La relation à son compagnon

Dans les entretiens suivants, Sylvie parla de la relation avec son ami qu’elle avait connu à l’âge de dix neuf ans. Celui-ci travaillait comme gérant de magasin. Elle enchaîna sur le fait qu’il désirait des enfants sans spécifier les sentiments qu’elle avait pour lui. Ce raccourci de la pensée où le désir de l’autre est mis en avant tel un bouchon, lui évitait de parler d’elle et de son propre désir.

Il y avait dans ce discours une prévalence dans la relation d’objet, de l’autre, prévalence que le peu d’éléments dont nous disposions ne nous permettait pas de comprendre.

Sylvie revient sur le désir d’enfant de son ami, et de l’acceptation de son désir à lui qui n’était pas le sien. Elle poursuivit en signifiant, qu’au bout du sixième mois de grossesse, il l’avait quittée car dit-elle « il me trouvait trop énervée. » Dans la réalité, le couple vivait durant cette période chez les parents de l’ami de Sylvie, situation qu’elle ne supportait plus, à cause de sa « belle-mère » qui avait d’après Sylvie : « des rapports incestueux avec son fils ». En effet, elle : «lui donnait à manger quand il s’est fait arracher une dent, alors qu’il avait vingt ans », et « lui mettait le thermomètre quand il avait de la fièvre. » Sylvie mentionne que « sa belle-mère » a fait des démarches auprès des institutions concernées, pour savoir si son fils devait reconnaître ses enfants à naître.

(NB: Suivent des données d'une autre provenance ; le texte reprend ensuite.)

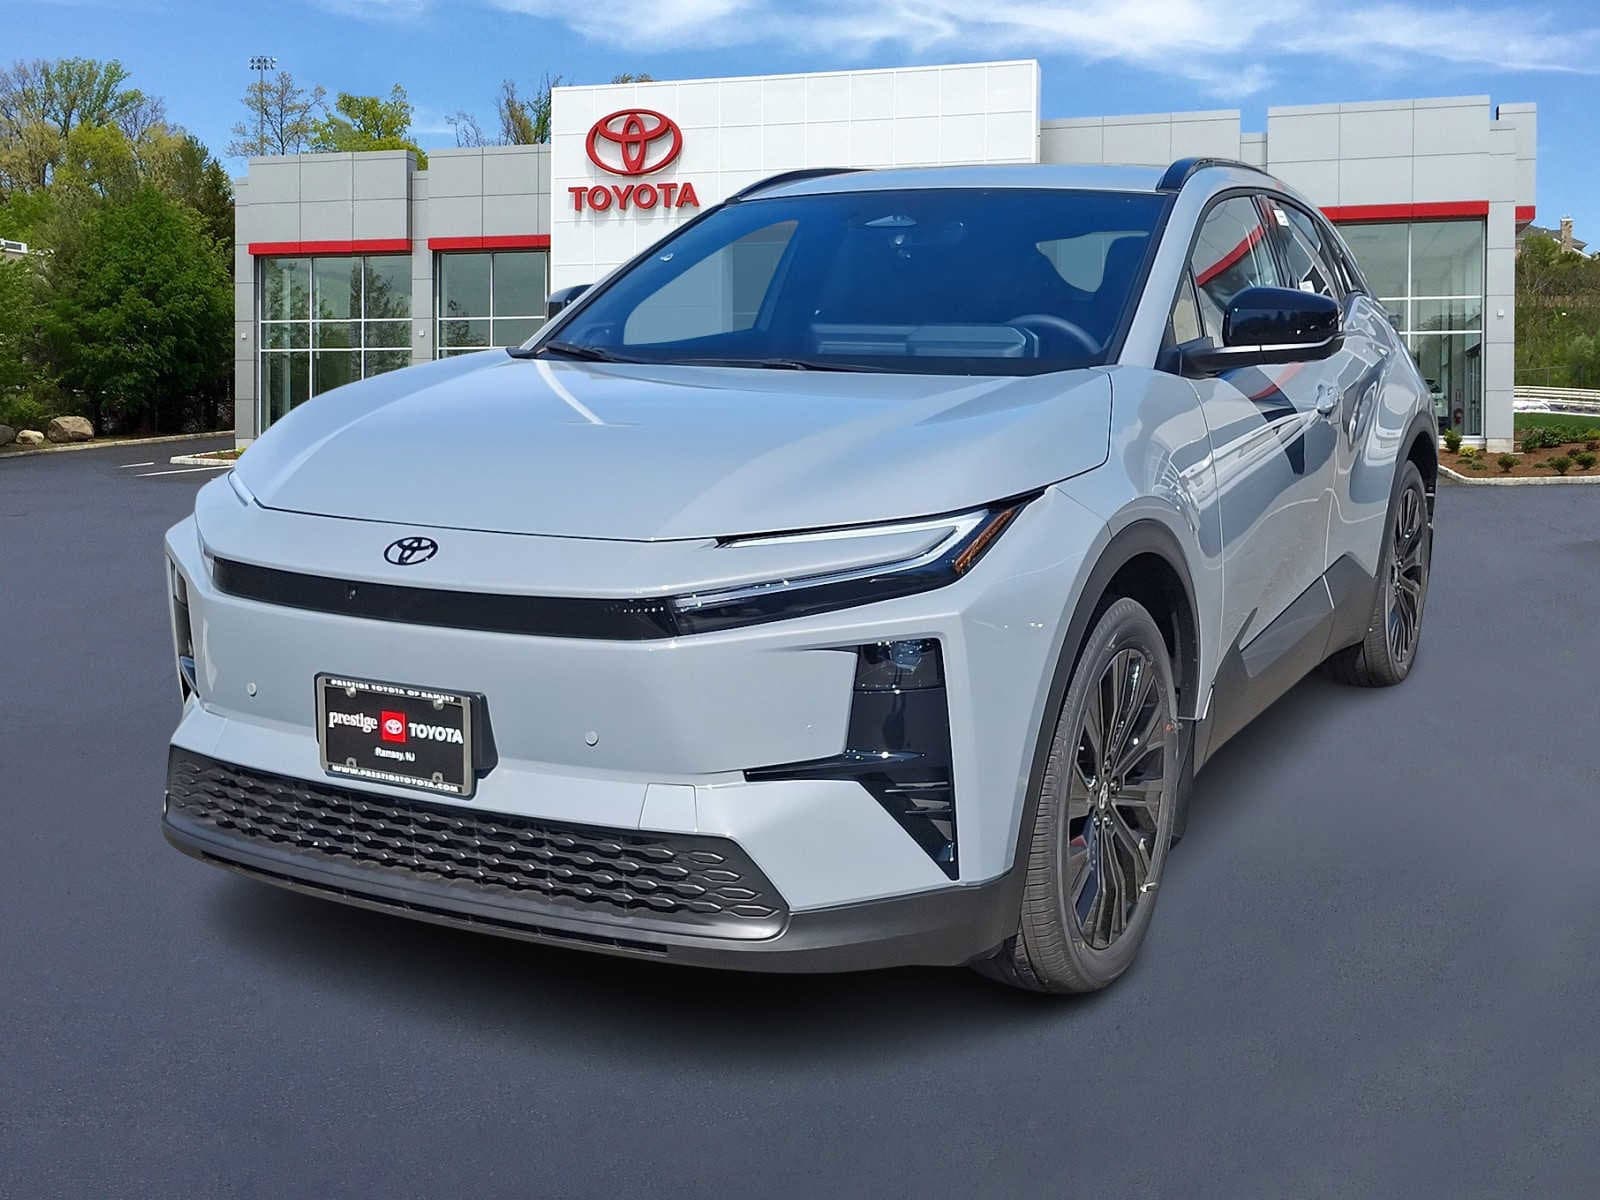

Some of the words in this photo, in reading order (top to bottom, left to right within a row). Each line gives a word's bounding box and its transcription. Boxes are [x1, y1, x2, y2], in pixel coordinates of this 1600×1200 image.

[568, 182, 700, 212] TOYOTA
[371, 684, 405, 695] TOYOTA
[407, 689, 420, 697] OF
[328, 711, 378, 733] prestige
[408, 722, 464, 745] TOYOTA
[405, 751, 416, 762] NJ
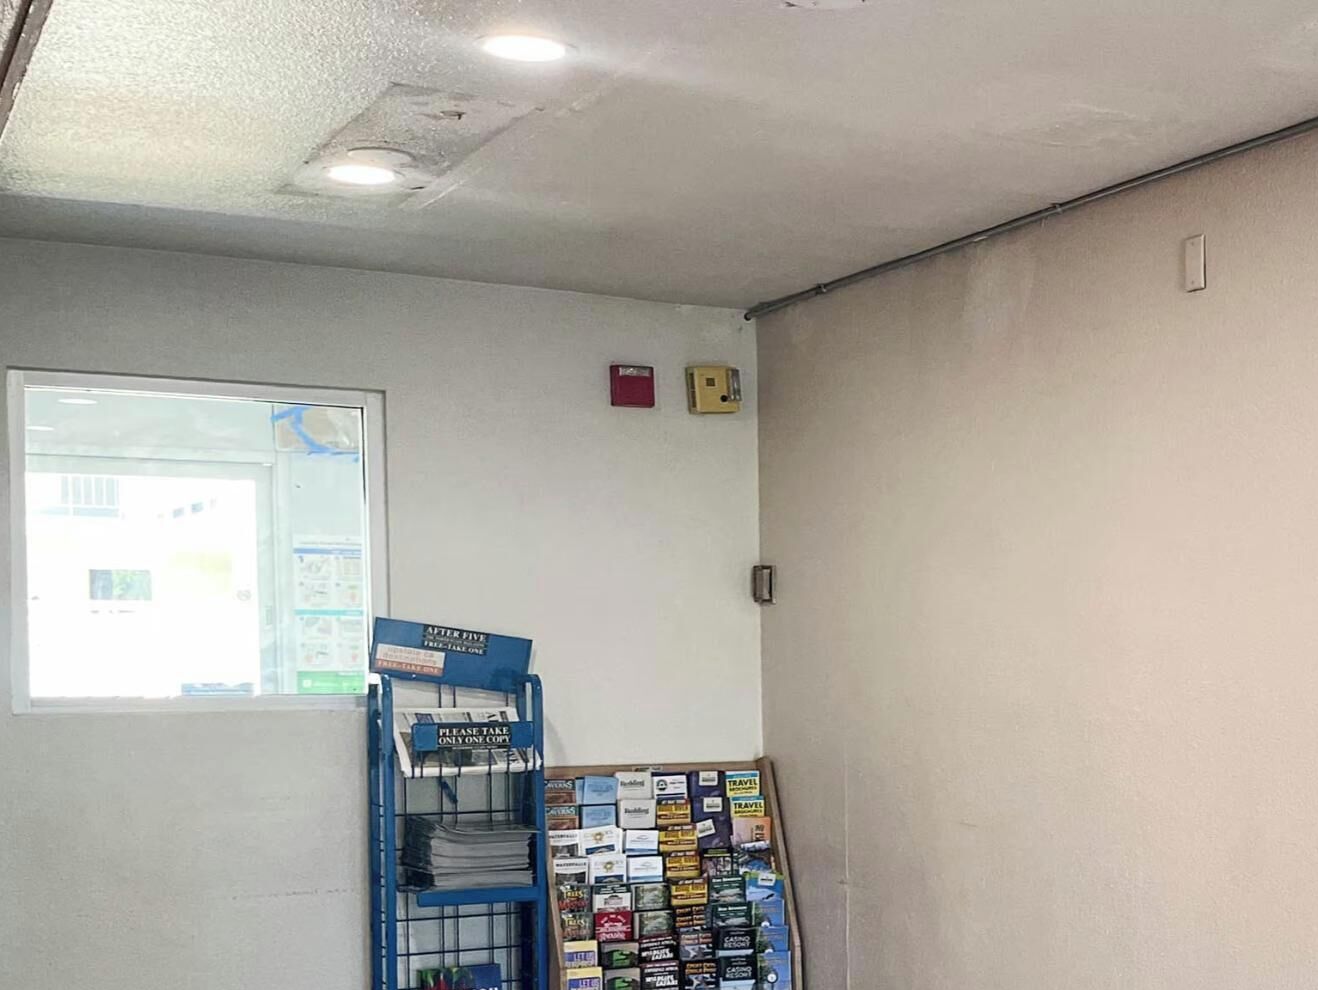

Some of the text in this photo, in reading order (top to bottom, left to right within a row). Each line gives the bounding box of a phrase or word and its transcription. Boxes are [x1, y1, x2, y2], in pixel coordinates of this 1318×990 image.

[426, 626, 460, 639] AFTER
[462, 631, 487, 641] FIVE
[467, 647, 484, 655] ONE
[439, 726, 509, 736] PLEASE TAKE
[438, 735, 511, 745] ONLY ONE COPY
[728, 778, 758, 786] TRAVEL
[733, 801, 764, 809] TRAVEL
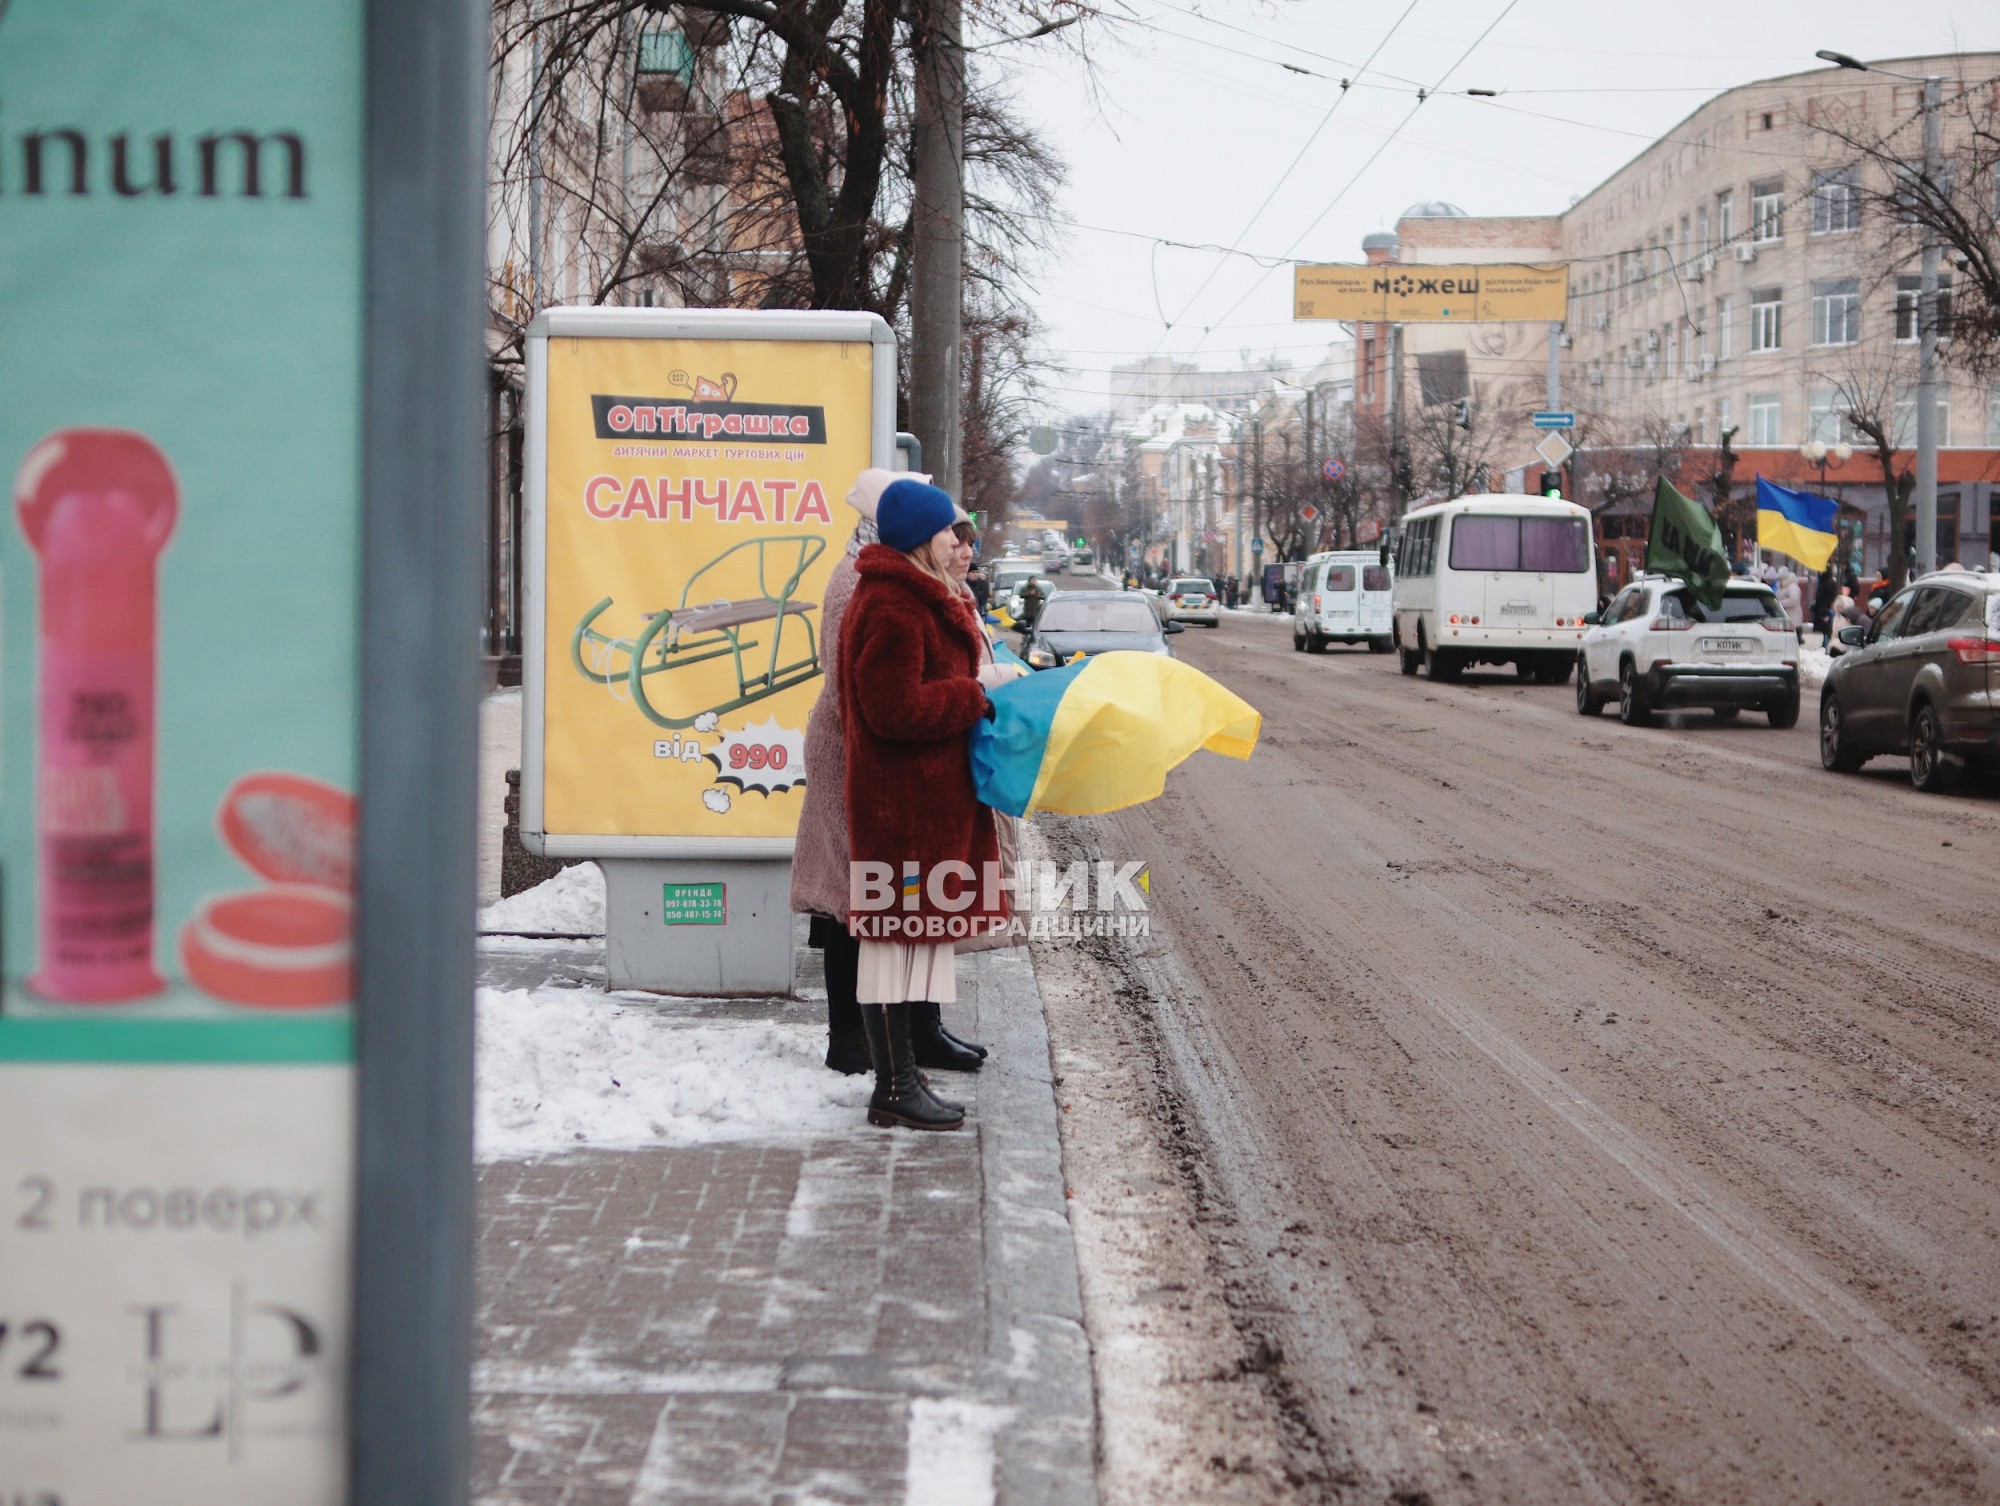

Aujourd’hui, dans l’axe transféro contre transférentiel, j’étais prise et surprise dans cette description d’événements pour le moins caricatural. Caricatural dans le désir de la « belle-mère » de boucher fantasmatiquement, les orifices du corps de son fils : bouche, anus. Dans cette relation intrusive, il était l’objet fantasmatique pénétré par le phallus imaginaire de sa mère, dans une jouissance passive. Elle s’arrogeait des droits sur les enfants de son fils dans la nomination : doivent-ils être reconnus ou pas par son fils ?

A travers cette interrogation, c’est l’existence même de son fils en tant que sujet qu’elle nie, car ce fils ne peut par lui-même décider de transmettre de nom ; dans la réalité, ses enfants ne seront pas reconnus, ils seront les enfants de Sylvie, la mère et le fils maintenant leur relation de type anal.

Sylvie est assignée ainsi à une place d’exclue, elle est celle qui a mis au monde des enfants avec un homme, qui ne se reconnaît pas, dans sa fonction paternelle.

Sylvie décrivait une scène où elle n’avait aucun rôle, si ce n’est celui de spectatrice.

Pourquoi avait-elle accepté ce rôle, qu’elle reproduisait dans l’entretien clinique avec une distribution différente ?

J’étais spectatrice d’une pièce qu’elle n’avait pas jouée, mais où sa présence était nécessaire, et où elle faisait la voix off. Il y avait des enjeux inconscients que nous ne percevions pas, si ce n’est que cette mise en scène devait en cacher une autre, c’est-à-dire ses rapports avec sa propre famille dont elle n’avait rien dit.

Par la suite, elle parla dans le même entretien, de la toxicomanie de son ami qui respirait de l’héroïne, toxicomanie qui a commencé à la naissance de ses enfants. Après l’accouchement, elle préféra aller vivre chez ses parents car dit-elle : « elle avait besoin de sa mère » plutôt que de s’installer dans la maison que son ami avait louée. Elle restera pendant deux ans chez ses parents, et louera seule une maison, où elle se trouve à l’heure actuelle.

« Le besoin de sa mère », nous fit associer au besoin de la drogue de son ami car dans les deux cas, il y a rabattement du désir sur le besoin.

Sylvie comme son ami ne peut assumer son devenir de parent. Sylvie, en devenant mère, se retrouve psychiquement dans une relation d’objet à sa propre mère liée au besoin. Son ami en devenant père, se retrouve dépendant de l’objet de drogue, signant ainsi son impossibilité à satisfaire ses besoins affectifs autrement que dans le comportement. Sylvie et son ami ne sont-ils pas dans un effet miroir ou la présence effective de l’autre masque d’une manière illusoire la relation de dépendance à leur mère respective. Il y a pour Sylvie et son compagnon une impossible représentation de l’objet en son absence, la perte réelle de l’objet signe le manque à être de chacun. Sylvie et son ami sont dans une relation où l’économie narcissique prime sur l’économie libidinale. L’investissement objectal illusoire de leur relation amoureuse s’effondre quand ils sont convoqués dans leur subjectivité de père et de mère.